Safety During Pregnancy

There is no evidence that topical sunless tanners cause harm during pregnancy, but there’s also no evidence confirming they’re safe. No studies have examined whether DHA increases the risk of preterm birth, low birth weight, or developmental effects on the child. The FDA’s approval of DHA is not specific to pregnancy or breastfeeding, and the agency does not require cosmetic companies to conduct safety testing for these populations.

Since DHA applied to the skin shows minimal systemic absorption, the theoretical risk from a lotion or cream is low. Spray tanning during pregnancy is harder to justify given the unknowns around inhalation. If you’re pregnant and want to use a self-tanner, a rub-on product avoids the inhalation question entirely.

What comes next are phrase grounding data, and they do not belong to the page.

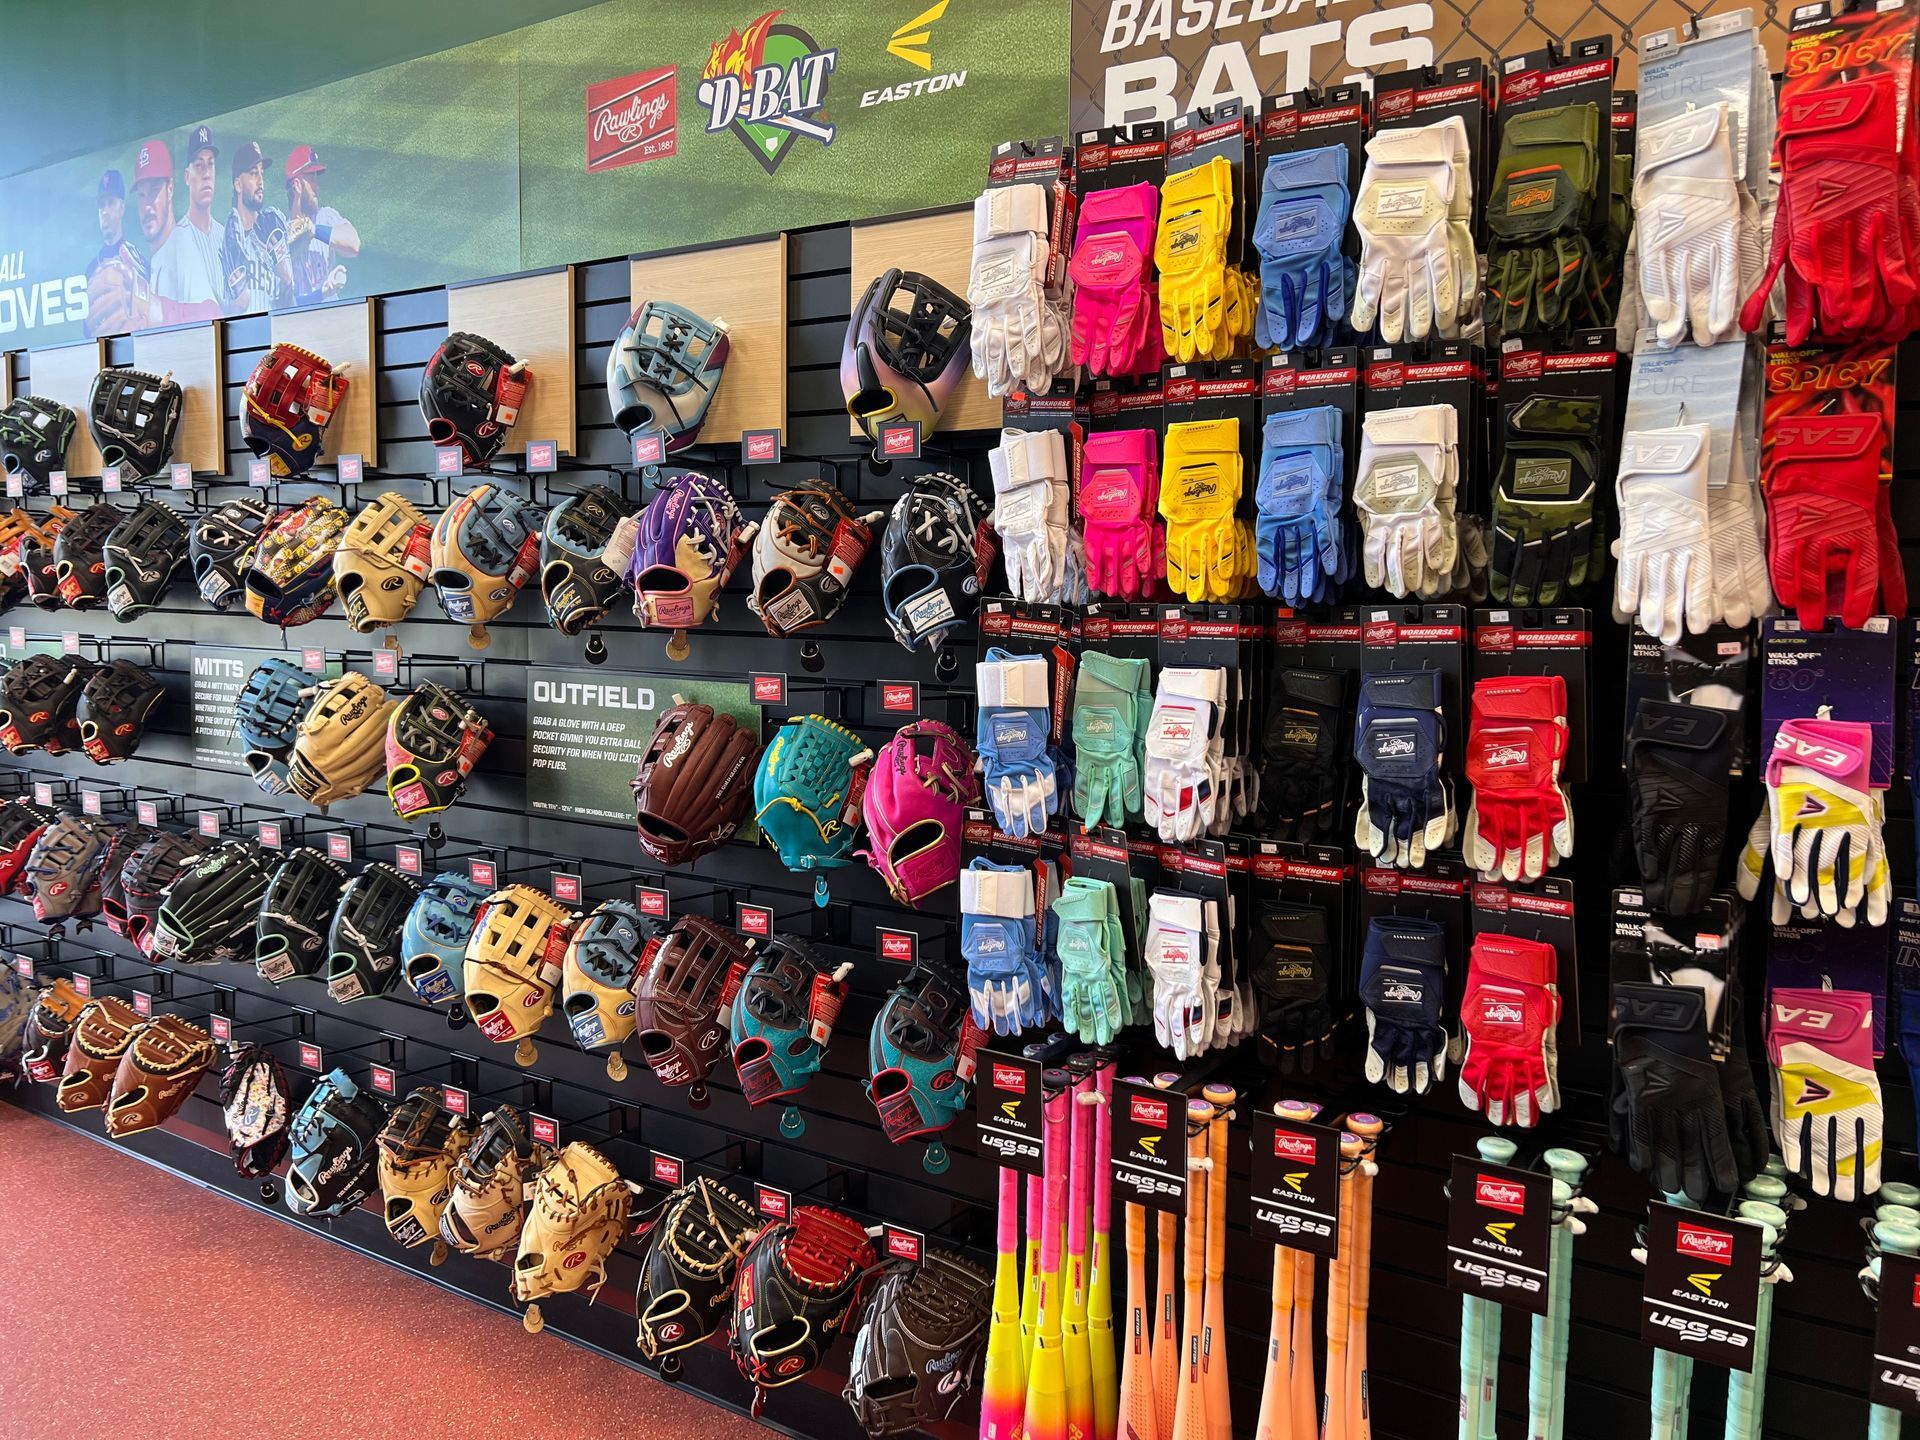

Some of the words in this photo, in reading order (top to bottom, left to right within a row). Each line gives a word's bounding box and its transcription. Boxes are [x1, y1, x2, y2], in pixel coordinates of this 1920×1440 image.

[1100, 0, 1345, 53] BASE
[1788, 33, 1906, 77] SPICY
[1104, 3, 1434, 136] BATS
[1544, 63, 1608, 84] WORKHORSE
[707, 51, 837, 132] D-BAT
[859, 70, 968, 108] EASTON
[1417, 85, 1476, 102] WORKHORSE
[1641, 70, 1716, 104] PURE
[593, 93, 669, 141] Rawlings
[1301, 109, 1356, 122] WORKHORSE
[1196, 122, 1239, 141] WORKHORSE
[643, 143, 657, 156] Est.
[658, 140, 674, 153] 1887
[1111, 145, 1160, 156] WORKHORSE
[1016, 159, 1058, 169] WORKHORSE
[0, 274, 90, 333] OVES
[1506, 357, 1539, 371] Rawlings
[1546, 355, 1610, 365] WORKHORSE
[1299, 371, 1349, 381] WORKHORSE
[1408, 365, 1465, 375] WORKHORSE
[1769, 359, 1892, 393] SPICY
[1199, 382, 1249, 391] WORKHORSE
[1635, 375, 1707, 396] PURE
[1031, 400, 1071, 408] WORKHORSE
[1519, 466, 1567, 486] Rawlings
[659, 604, 691, 616] Rawlings
[913, 597, 945, 622] Rawlings
[1012, 622, 1057, 631] WORKHORSE
[195, 658, 243, 678] MITTS
[534, 681, 655, 710] OUTFIELD
[340, 696, 368, 726] Rawlings
[533, 716, 552, 726] GRAB
[552, 718, 559, 726] A
[559, 718, 581, 729] GLOVE
[581, 720, 599, 730] WITH
[600, 722, 606, 731] A
[607, 723, 625, 733] DEEP
[533, 730, 559, 741] POCKET
[560, 733, 583, 743] GIVING
[585, 735, 600, 745] YOU
[600, 737, 622, 747] EXTRA
[623, 739, 641, 749] BALL
[663, 721, 694, 768] Rawlings
[1378, 738, 1415, 755] Rawlings
[533, 745, 566, 756] SECURITY
[566, 747, 580, 757] FOR
[581, 750, 601, 760] WHEN
[604, 752, 618, 762] YOU
[1487, 748, 1527, 765] Rawlings
[533, 758, 547, 768] POP
[547, 760, 567, 770] FLIES.
[993, 832, 1037, 845] WORKHORSE
[1092, 845, 1125, 857] WORKHORSE
[196, 854, 229, 879] Rawlings
[1184, 857, 1221, 871] WORKHORSE
[1287, 866, 1337, 877] WORKHORSE
[1402, 879, 1458, 890] WORKHORSE
[1511, 897, 1566, 911] WORKHORSE
[1616, 929, 1643, 937] ETHOS
[1384, 984, 1422, 1001] Rawlings
[1484, 1005, 1522, 1022] Rawlings
[996, 1071, 1023, 1083] Rawlings
[1134, 1103, 1165, 1117] Rawlings
[993, 1115, 1026, 1128] EASTON
[1278, 1137, 1313, 1152] Rawlings
[318, 1145, 353, 1185] Rawlings
[1130, 1151, 1167, 1166] EASTON
[1272, 1188, 1315, 1203] EASTON
[1480, 1184, 1521, 1201] Rawlings
[1472, 1237, 1522, 1257] EASTON
[1681, 1234, 1728, 1250] Rawlings
[1672, 1289, 1729, 1309] EASTON
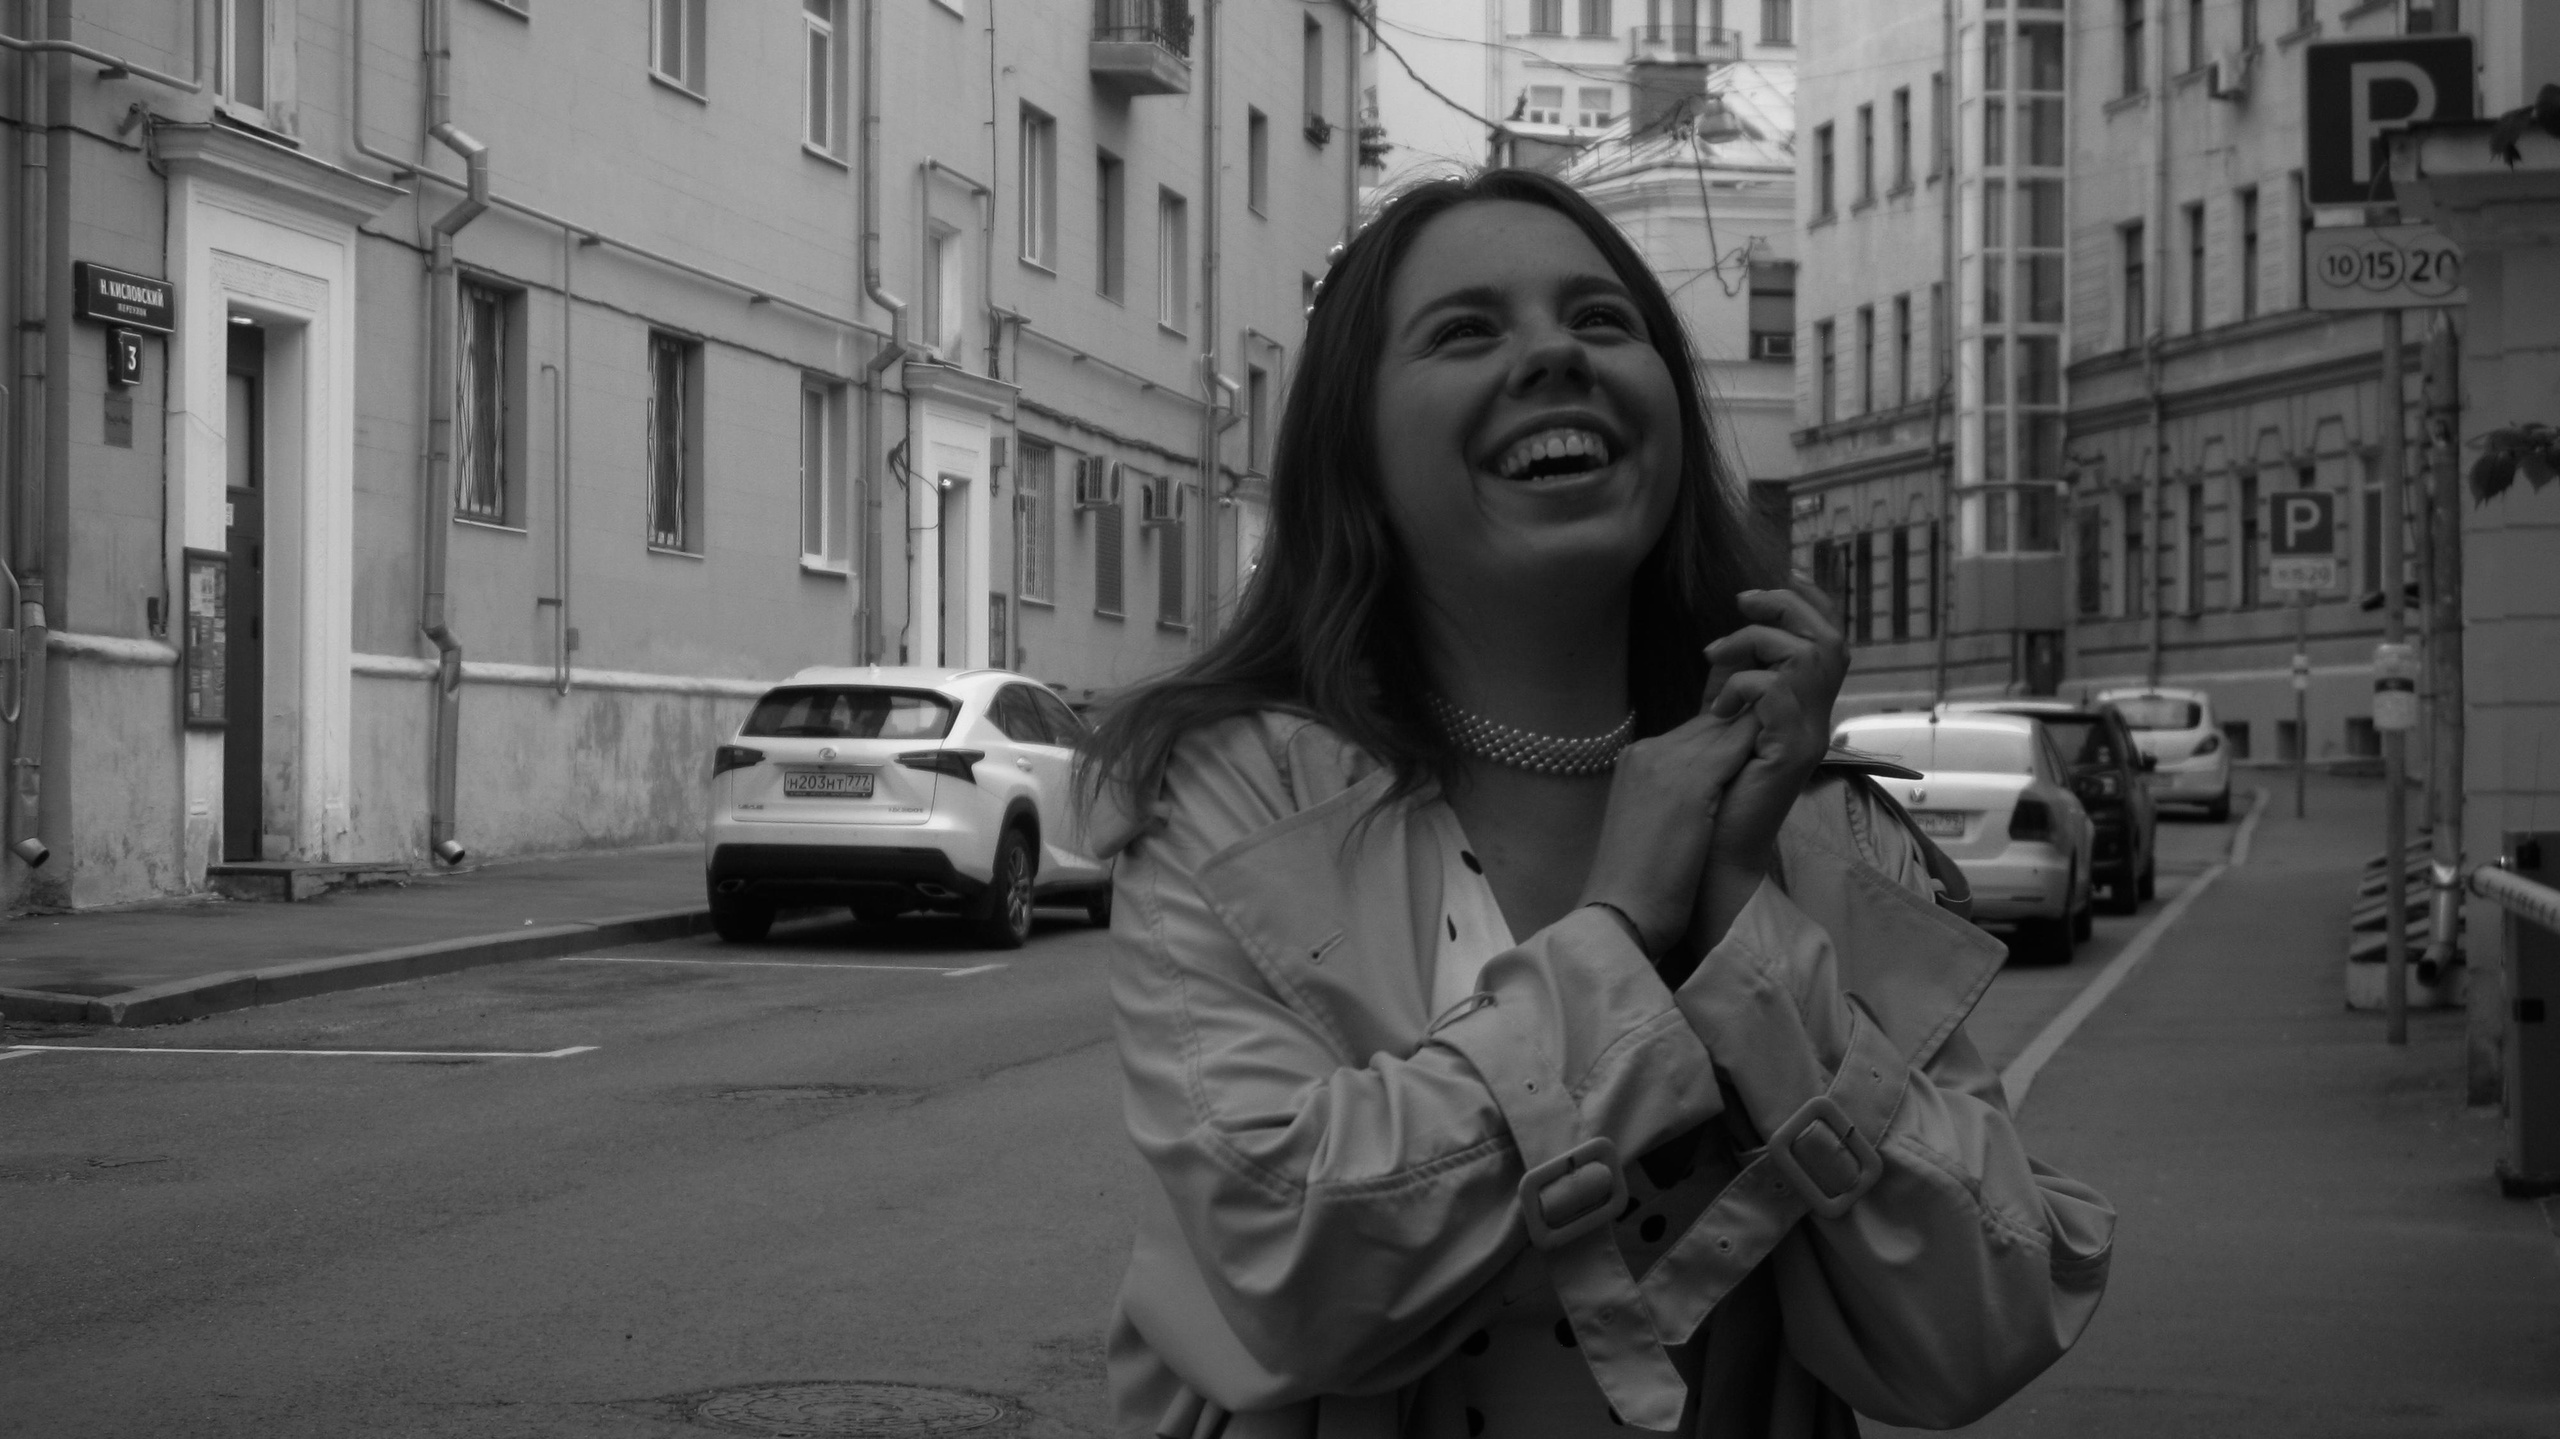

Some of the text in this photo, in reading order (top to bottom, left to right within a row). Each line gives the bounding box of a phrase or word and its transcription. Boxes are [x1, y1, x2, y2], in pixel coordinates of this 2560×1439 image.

How to Use Sunless Tanner More Safely

  • Choose rub-on products over spray booths. Lotions, mousses, and creams keep DHA on your skin and out of your lungs.
  • If you do use a spray booth, wear the nose plugs, lip balm, and eye protection the salon offers. Breathe shallowly or hold your breath during application.
  • Apply sunscreen separately. A self-tanner does not replace UV protection. Use a broad-spectrum sunscreen with at least SPF 30, especially within 24 hours of applying a self-tanner.
  • Keep DHA away from mucous membranes. Avoid applying self-tanner near your eyes, lips, nostrils, and ears.
  • Patch test first if you have sensitive or reactive skin, since other ingredients in the formula may cause irritation even if DHA itself is unlikely to.

Compared to UV tanning, whether from the sun or a tanning bed, sunless tanners are dramatically safer. UV exposure is a proven carcinogen responsible for the majority of skin cancers. A self-tanner gives you the color without that risk. The key is understanding the limits of that safety: keep DHA on your skin, not in your lungs, and don’t let a fake tan trick you into skipping sunscreen.